Changing a multicellular organism was first accomplished in 1982 when the Carnegie Institute implanted a foreign gene in a fruit fly. The change was functional and was passed along to subsequent generations. In the Carnegie experiment, red-eye genes were passed to brown-eye flies.

Genetic researchers who first contemplated the problem of directly altering the coding sequence of DNA were faced with problems that were simultaneously simple and complex. The simple part was the exchange of molecules in the DNA to bring about the desired modifications. The complex task would be to locate the right gene and to alter only that part of the code. Although the basic idea was simple, they would be working at the molecular level, beyond the range of any microscope.

The most likely candidate for the pioneer work was a single-cell bacterium. The organism enlisted early was the most common bacterium in the human intestinal tract: Escherichia coli.

E. coli is easy to care for and maintain. And it holds the distinction of being the single most carefully studied organism in history. For this reason, E. coli has been used not only for the majority of the early DNA studies, but its genetically altered forms have been patented as life forms invented by human beings.

Methods of mapping the DNA sequence were developed by clipping off the ends of an uncoiled DNA strand and analyzing and identifying the individual molecules as they were encountered on the strand.

After a gene was mapped, changes were induced in the DNA, altering the sequence by introducing mutagenic chemicals—compounds that increase the frequency of genetic mutations by “scrambling” the DNA sequence. Researchers observed the effects on the microorganism, remapped the gene, thereby learning the functions of specific parts of the DNA code.

Recombinant DNA technology, the most refined process of genetic engineering, came in 1974 when genetic researchers discovered they could clip off a known sequence of the DNA and replace it with DNA from other sources. This form of gene splicing quickly became the most important genetic engineering tool. Science was learning enough to make changes at will without relying on the slower random mutational techniques.

Ultimately, geneticists at CalTech invented two machines that were quantum leaps in genetic engineering research. One machine automatically identified the sequence of cellular amino acids, spelling out the DNA code of the particular gene. Another machine assembled artificial genes piece by piece.
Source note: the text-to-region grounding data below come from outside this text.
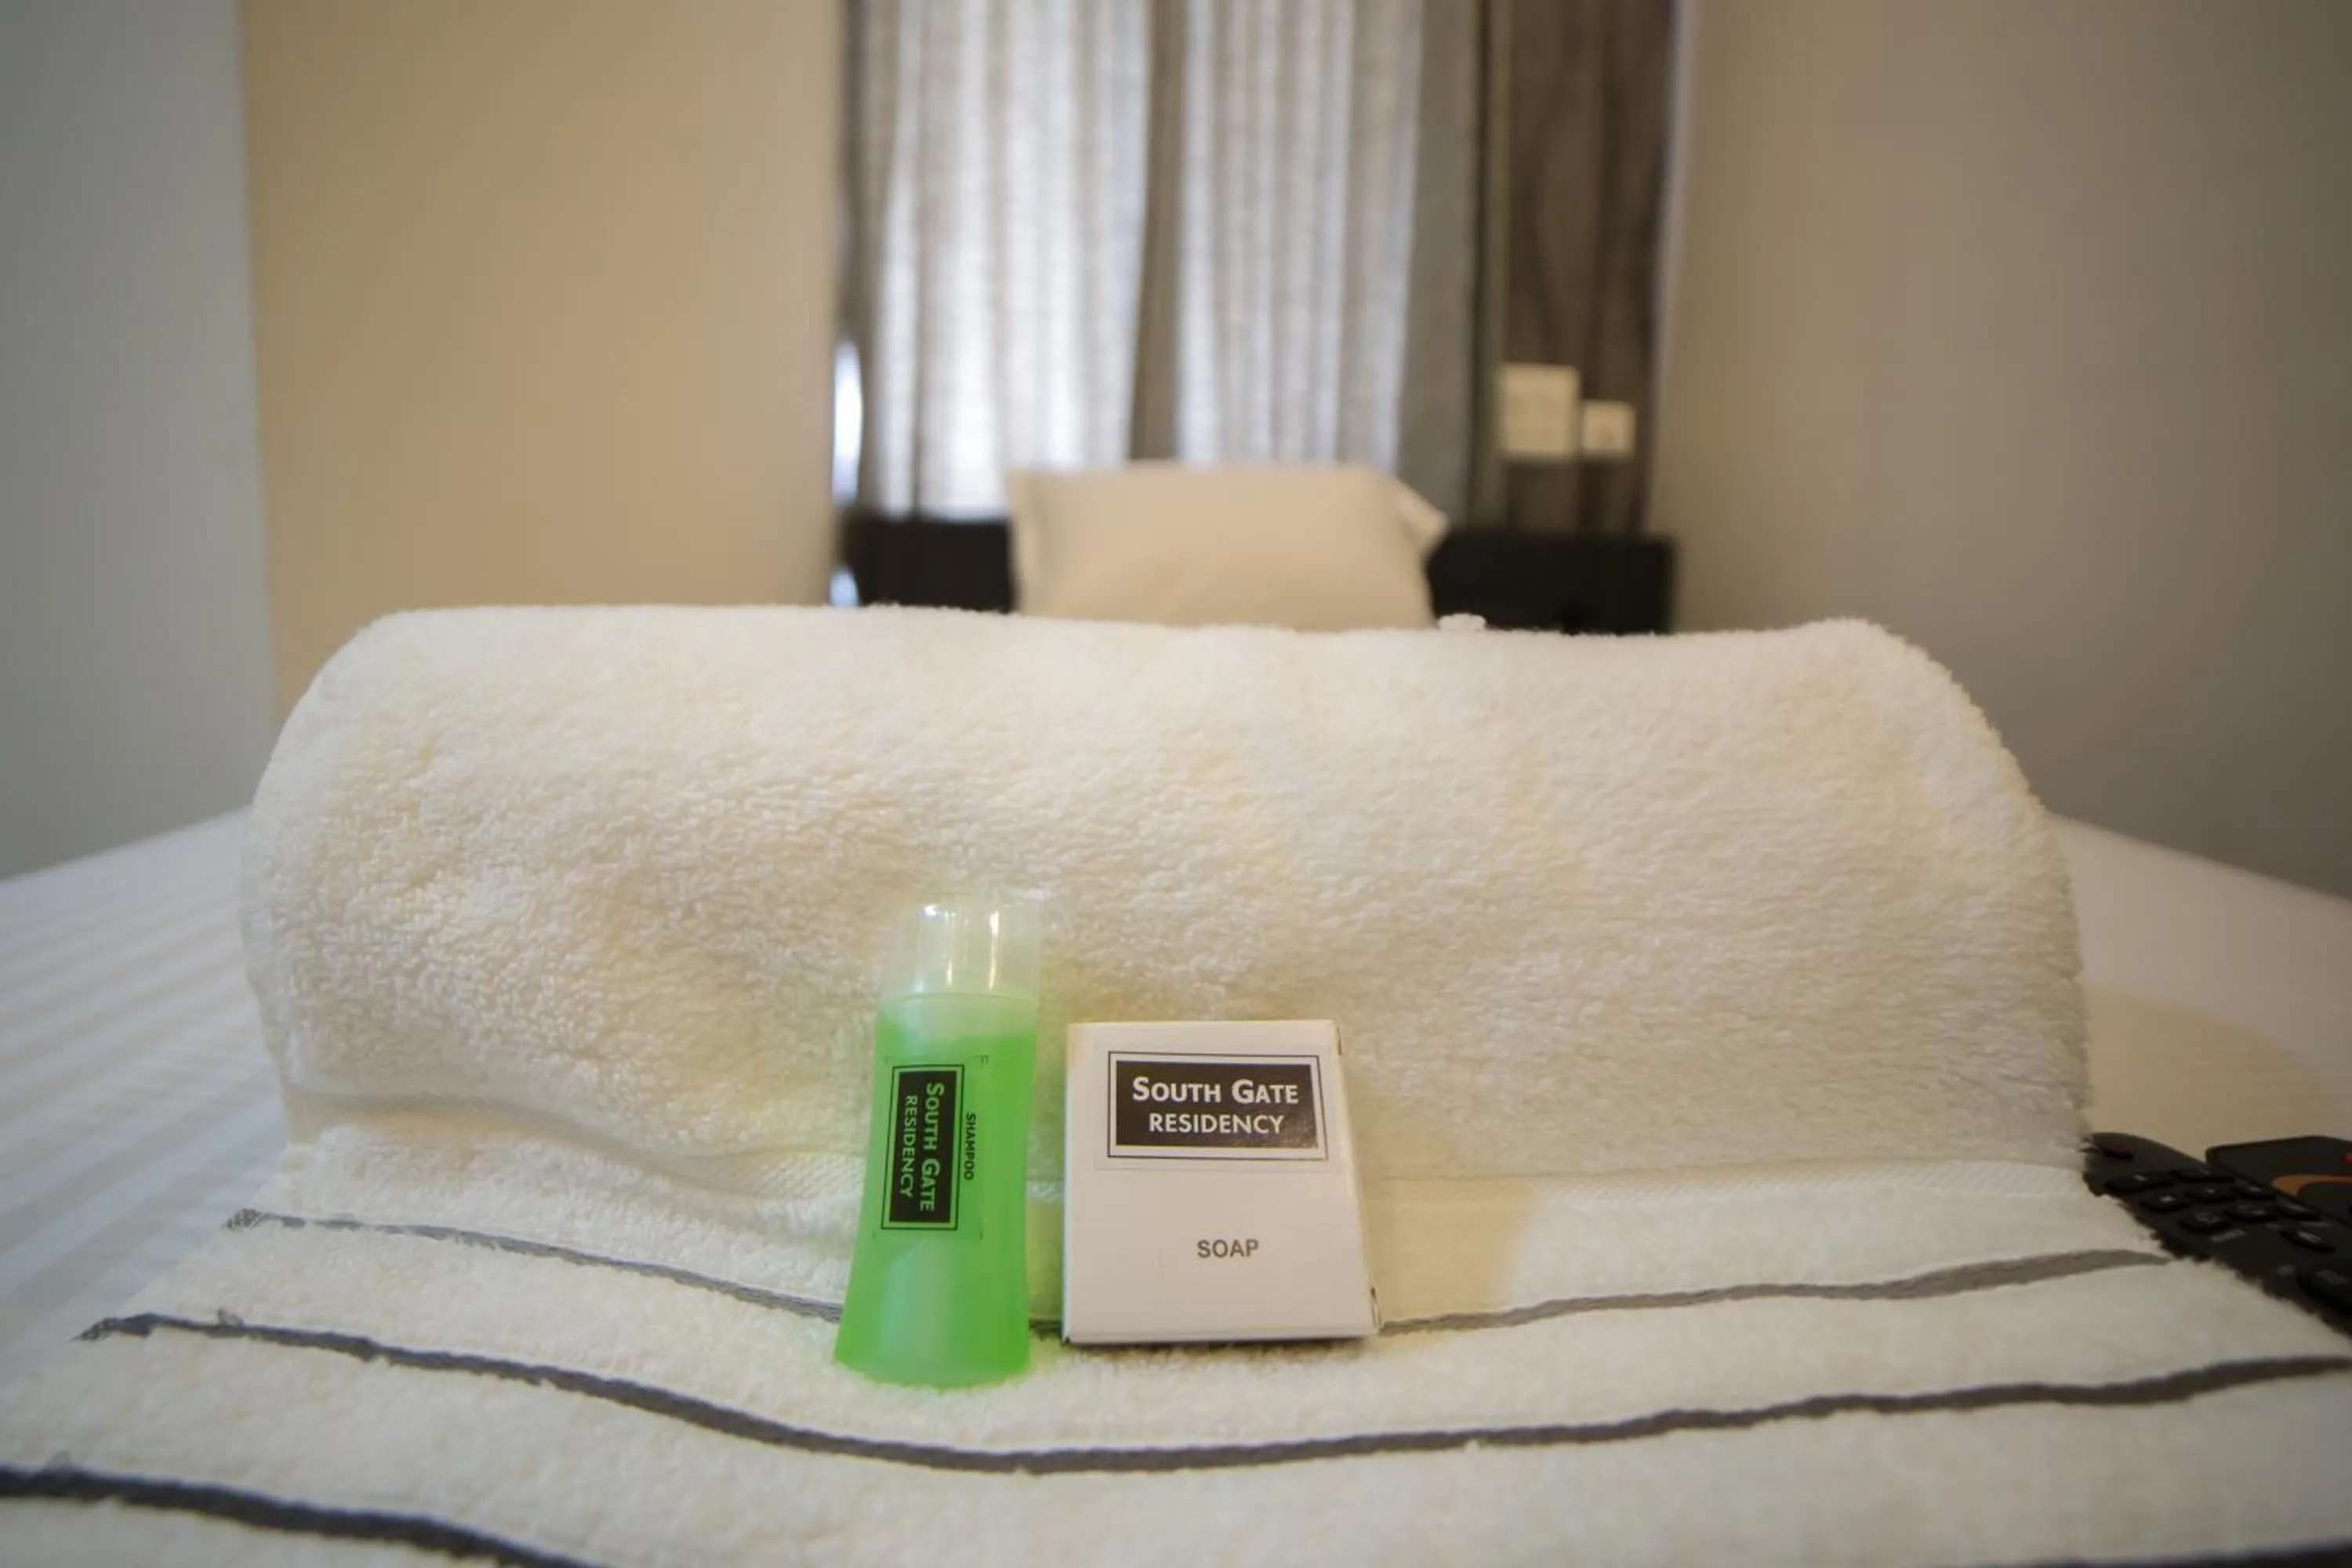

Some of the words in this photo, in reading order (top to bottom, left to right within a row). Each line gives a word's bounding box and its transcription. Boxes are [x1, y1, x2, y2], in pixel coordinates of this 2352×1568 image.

[924, 1082, 944, 1150] SOUTH
[1132, 1076, 1221, 1102] SOUTH
[1232, 1080, 1299, 1105] GATE
[899, 1094, 918, 1198] RESIDENCY
[964, 1112, 976, 1180] SHAMPOO
[1149, 1112, 1284, 1134] RESIDENCY
[920, 1158, 939, 1211] GATE
[1196, 1239, 1259, 1258] SOAP
With these advances it became necessary for the scientific community to keep track of the avalanche of mapped genes. In 1982, the Los Alamos National Laboratory set up GenBank, a computerized data base of millions of nucleic acid sequences. That data base soon contained information on hundreds of living species—including parts of man’s genetic constitution. One day, reconstructing these genetic constitutions may consist of connecting a laboratory computer to this massive data base, which in turn would spell out the genetic make-up of interest.
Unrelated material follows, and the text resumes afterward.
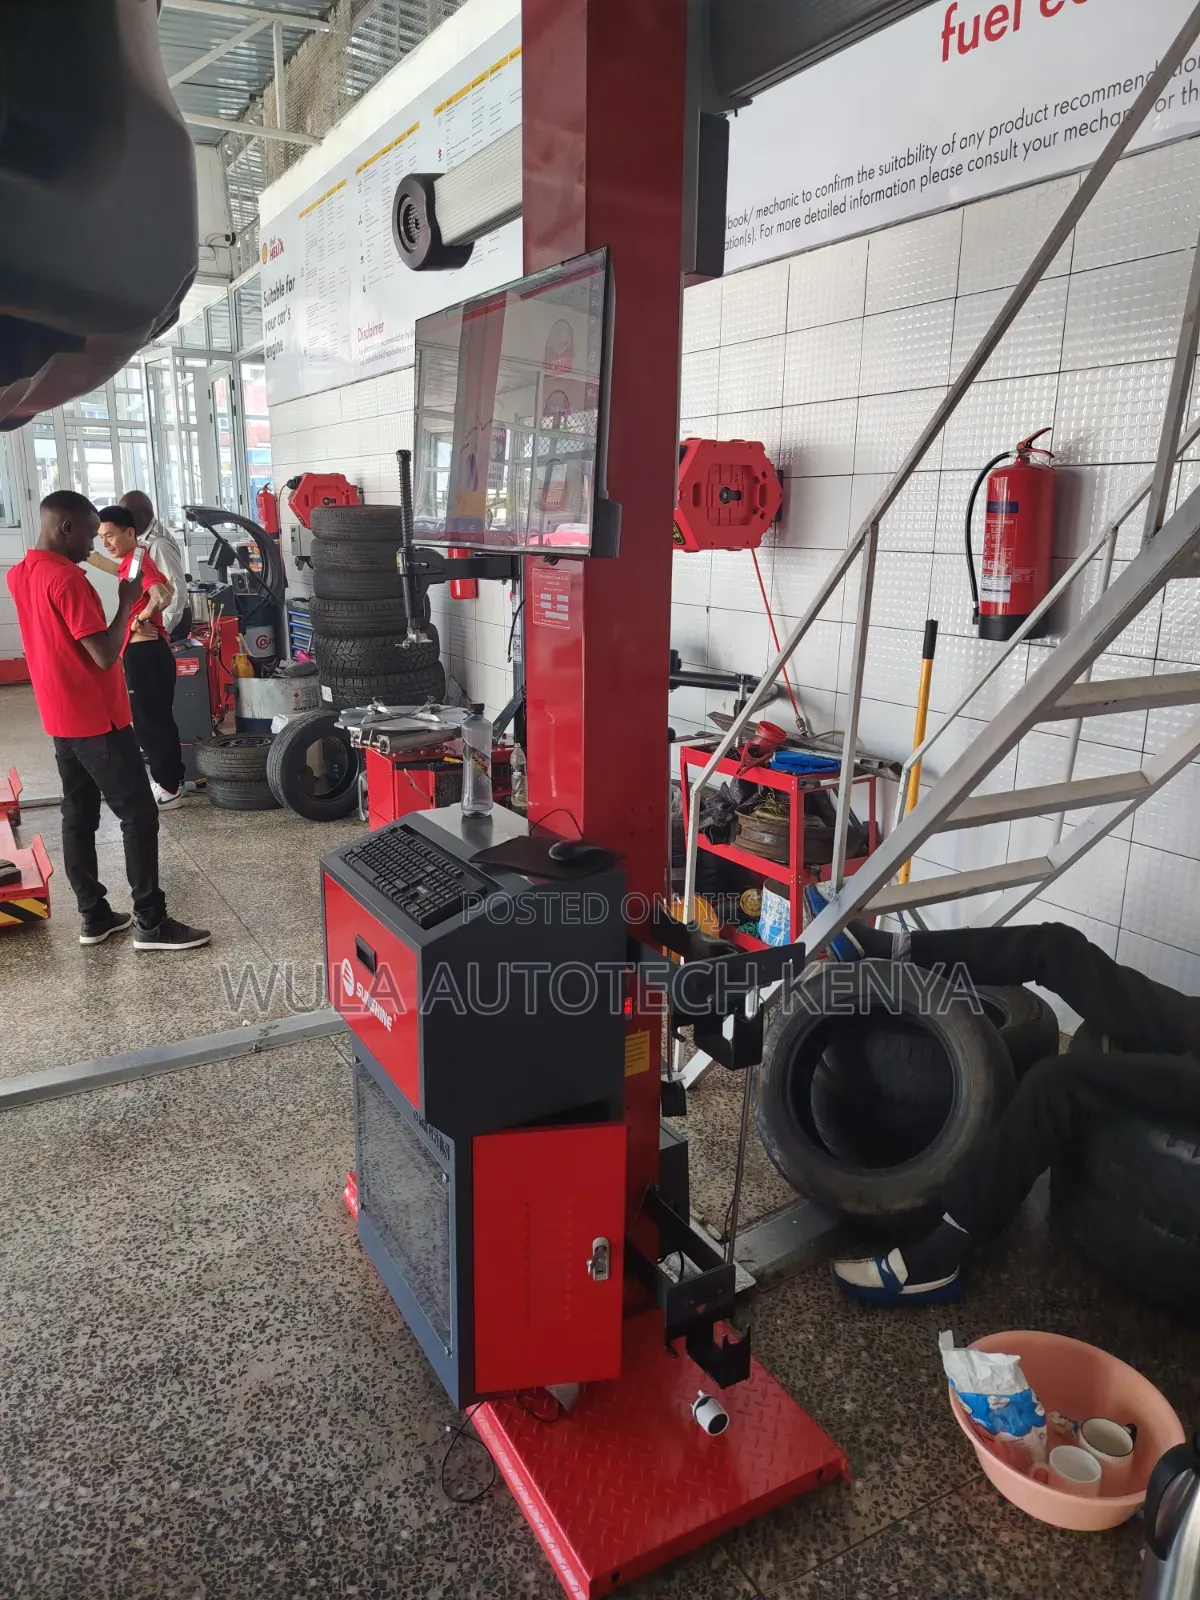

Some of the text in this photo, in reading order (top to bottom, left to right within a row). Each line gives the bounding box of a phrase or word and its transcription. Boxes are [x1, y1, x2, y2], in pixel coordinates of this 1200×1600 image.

It is only a matter of time until the entire human DNA sequence is catalogued and computerized. With this information, the science of genetic engineering may be able to manipulate the human life form in ways we have not yet even imagined.

Four Ways to Change the Blueprint

Mutagenesis

Genetic mutations are induced by introducing a mutagenic agent that increases the random frequency of changes in genes to a rate many times faster than normal. This is usually fatal to the organism. But in populations sufficiently large, an occasional microorganism survives and successfully passes along the changes to subsequent generations.

Protoplast fusion

The external walls of cells are removed from two types of cells. The genetic materials then combine and mix, causing a natural (but still random) genetic recombination.

Gene amplification

DNA (outside the nucleus, but still inside the cell) is forced to reproduce at a rate 100 or more times faster than the DNA inside the nucleus (typically responsible for cell replication). This causes a greatly amplified production of cellular protein.

Recombinant DNA

The most refined genetic manipulation technique consists of splicing specific codes along the DNA chain, forming a stable combination of information that will produce a specific result and pass this trait on to succeeding generations.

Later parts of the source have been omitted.